I. Demande devant la Commission

[1] David Lessard-Gauvin, le demandeur, occupait un poste à durée déterminée d’adjoint administratif de groupe et niveau CR-04 à l’École de la fonction publique du Canada (l’« employeur » ou le « défendeur ») à ses bureaux de Québec. Il faisait partie d’une unité de négociation dont les membres sont représentés par l’Alliance de la Fonction publique du Canada (l’« Alliance »).

[2] Les employés syndiqués de l’employeur sont représentés par l’Alliance à titre d’agent négociateur et sont représentés en milieu de travail par le Syndicat de l’Agriculture (le « Syndicat »), un des éléments constituant l’Alliance. Le Syndicat assure la représentation des employés syndiqués de l’employeur dans la procédure interne de règlement des griefs, et l’Alliance assure la représentation lorsqu’un grief est renvoyé à l’arbitrage.

[3] La présente demande de prorogation de délai fait suite à une objection de l’employeur sur la compétence de la Commission des relations de travail et de l’emploi dans le secteur public fédéral (la « Commission ») d’entendre le grief sur la base qu’il a été présenté bien après le délai de 25 jours prévu à la convention collective de l’unité de négociation du groupe des Services des programmes et de l’administration (date d’expiration le 20 juin 2021; la « convention collective »). Le demandeur reconnaît que le grief a été présenté en dehors du délai prévu à la convention collective.

II. Résumé des faits soumis par les parties

[4] Le demandeur a d’abord présenté sa version des faits. Le défendeur n’a pas contesté la version des faits du demandeur. À moins d’indication contraire, les parties s’entendent donc sur les faits entourant cette demande de prorogation de délai, tels qu’ils sont ici résumés.

[5] Le demandeur a reçu le 5 septembre 2018 une lettre de l’employeur l’avisant que sa nomination à durée déterminée ne serait pas renouvelée et que son emploi à durée déterminée prendrait fin à la fermeture du bureau le 5 octobre 2018. Le 21 septembre 2018, le demandeur a fait parvenir par courriel à Sylvie Rochon, une employée du Syndicat, un grief signé de sa main et contestant sa fin d’emploi. Mme Rochon a imprimé les documents sans lire tout le contenu de la chaîne de courriels.

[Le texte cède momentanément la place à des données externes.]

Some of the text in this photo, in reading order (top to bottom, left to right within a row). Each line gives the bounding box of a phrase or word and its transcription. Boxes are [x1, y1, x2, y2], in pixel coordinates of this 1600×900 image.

Elle n’a alors pas remarqué que le grief n’avait pas été signé par l’employeur et ne lui avait donc pas été présenté. Alors que le demandeur croyait que Mme Rochon présenterait le grief en son nom, Mme Rochon croyait que le demandeur l’avait déjà fait, car les griefs sont normalement présentés à la gestion locale. Or, l’Alliance soumet que sa représentante locale ne connaissait pas les procédures à suivre.

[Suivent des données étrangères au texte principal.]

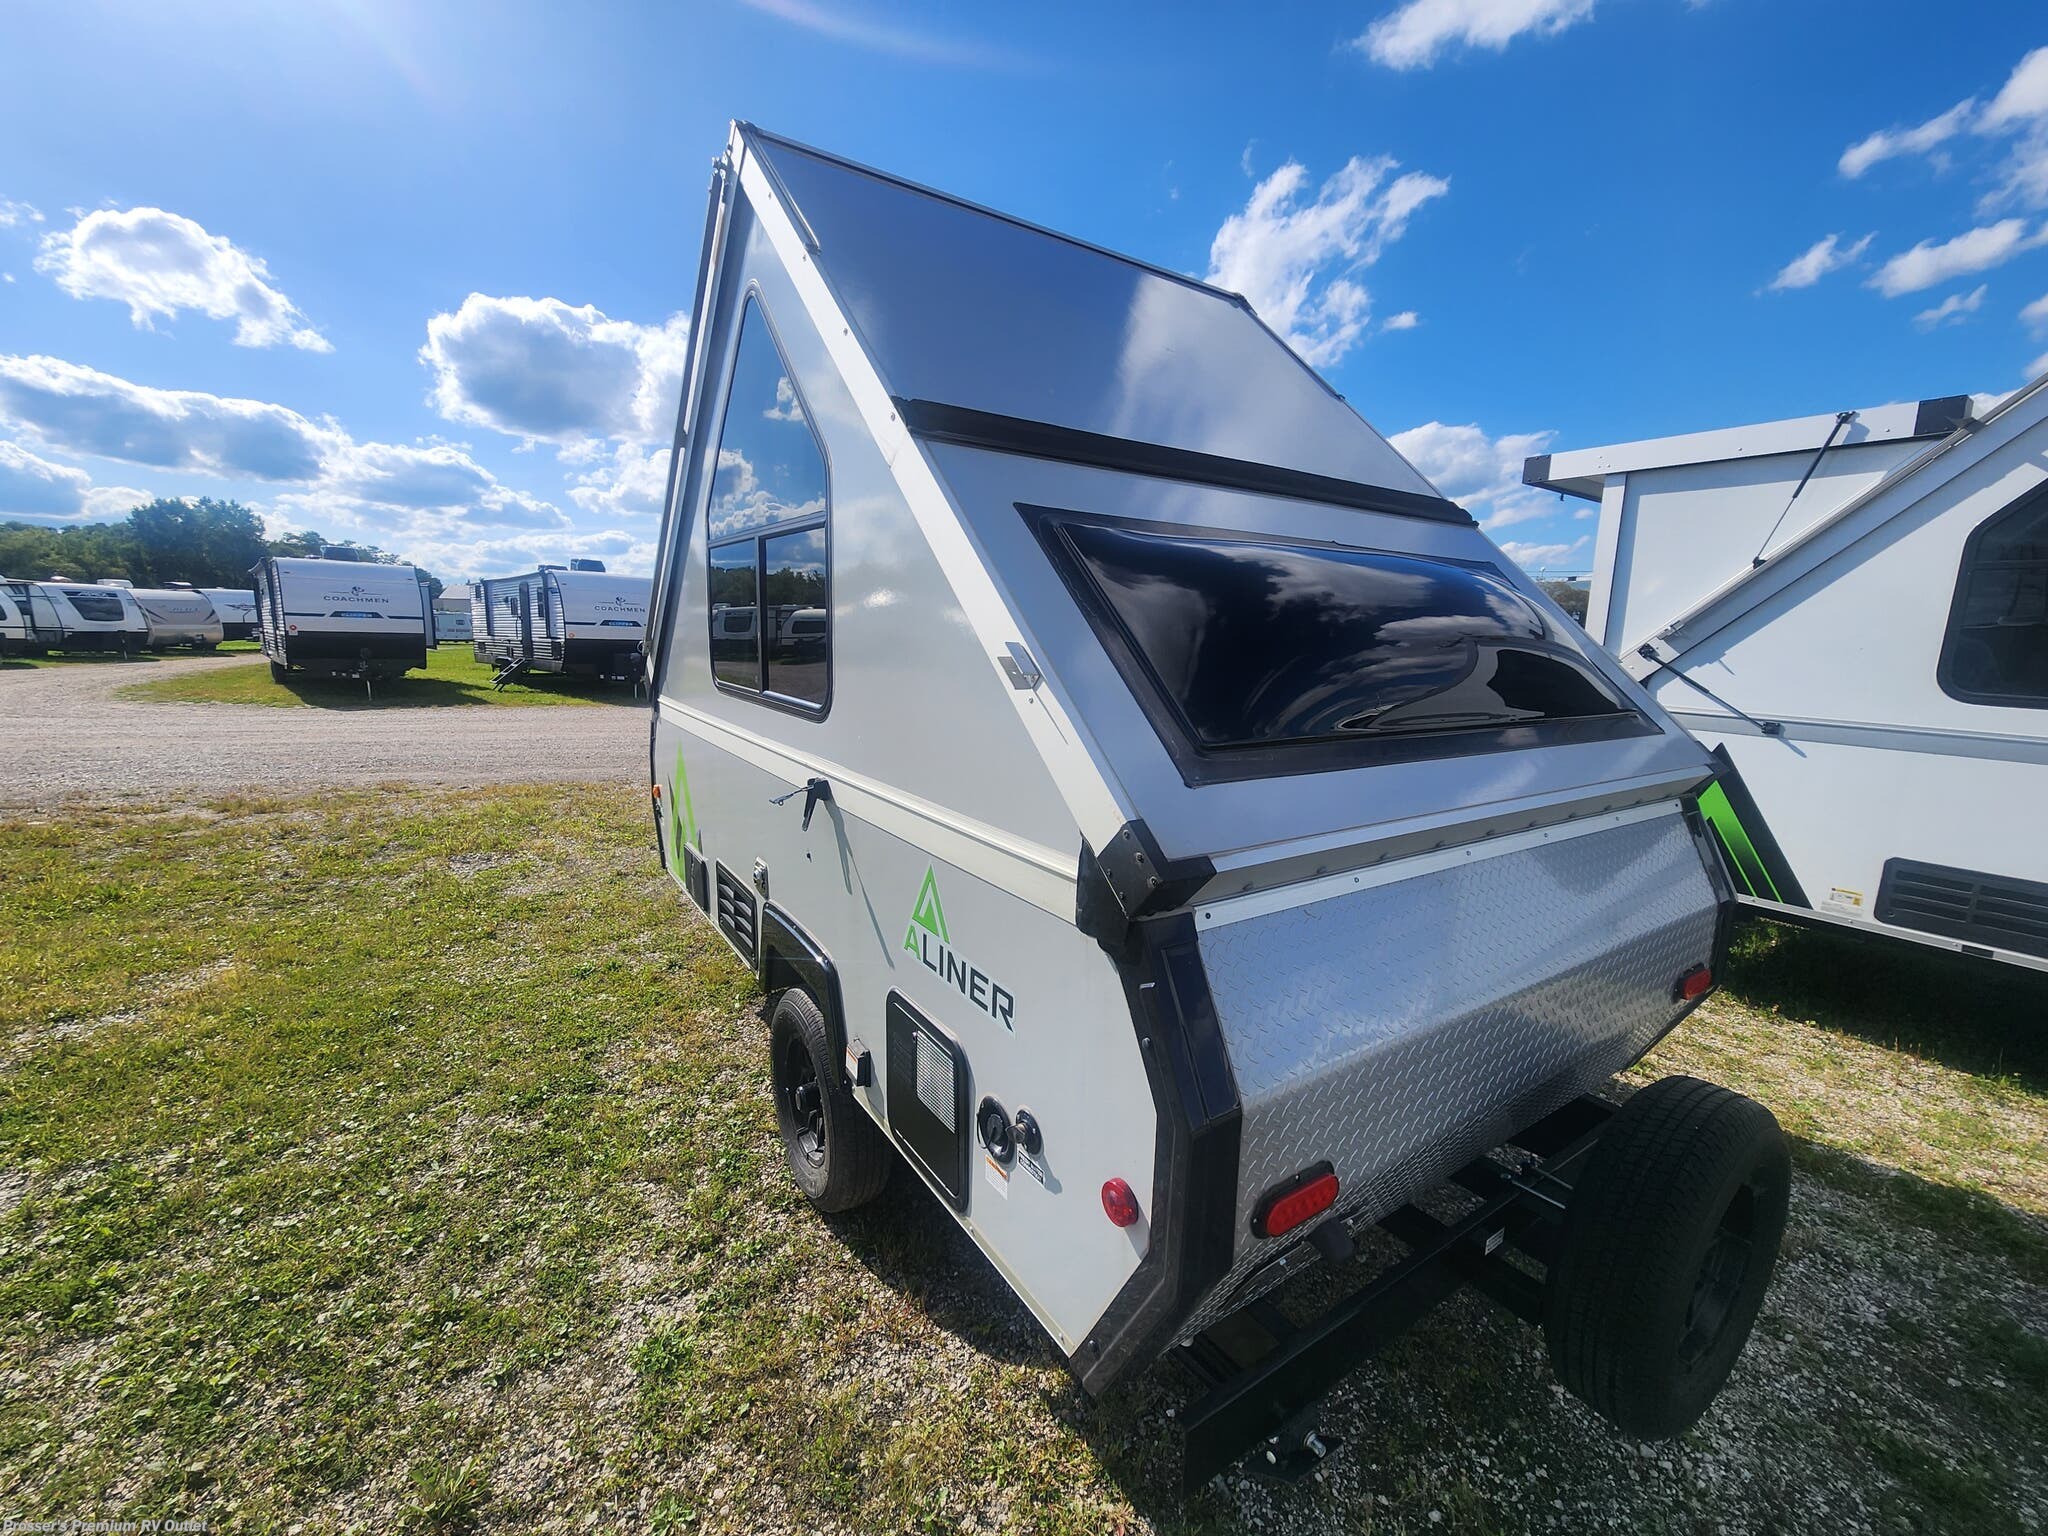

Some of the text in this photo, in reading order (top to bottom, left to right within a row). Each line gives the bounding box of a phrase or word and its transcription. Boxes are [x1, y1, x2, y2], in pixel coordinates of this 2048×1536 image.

[323, 595, 389, 603] COACHMEN
[594, 605, 646, 613] COACHMEN
[903, 924, 1014, 1033] ALINER

[6] Entre septembre 2018 et janvier 2019, Mme Rochon a parlé à quelques reprises avec le demandeur, sans réaliser que le grief n’avait pas encore été présenté. Puis, le 9 janvier 2019, lors d’une communication avec l’employeur, le demandeur a appris de ce dernier qu’il n’avait jamais reçu son grief, qui, dans les faits, n’avait jamais été présenté. Il en a alors avisé Mme Rochon.

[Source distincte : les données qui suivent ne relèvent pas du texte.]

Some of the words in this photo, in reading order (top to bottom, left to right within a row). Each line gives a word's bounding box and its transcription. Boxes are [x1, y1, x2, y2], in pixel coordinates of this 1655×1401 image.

[7] Le 9 ou le 10 janvier 2019, Mme Rochon a contacté une agente des relations de travail de l’employeur pour lui expliquer la situation. Elle a aussi présenté le grief du demandeur. Mme Rochon a pris la responsabilité pour le retard dans la présentation du grief, et elle a demandé à l’employeur d’accepter le grief sans soulever la question du délai. Le 11 janvier 2019, le demandeur a aussi écrit à une conseillère en relations de travail de l’employeur afin de demander une prorogation de délai pour la présentation de son grief.

[8] Mme Rochon a représenté le demandeur lors de l’audition de son grief au premier palier de la procédure interne de règlement des griefs individuels, qui a eu lieu le 18 avril 2019. Le 8 mai 2019, l’employeur a rejeté le grief au premier palier sur la base qu’il avait été présenté en dehors du délai prévu à la convention collective. Il a aussi rejeté le grief sur le fond. Pour les mêmes motifs, l’employeur a aussi rejeté le grief au palier final de la procédure interne de règlement des griefs individuels le 8 novembre 2019.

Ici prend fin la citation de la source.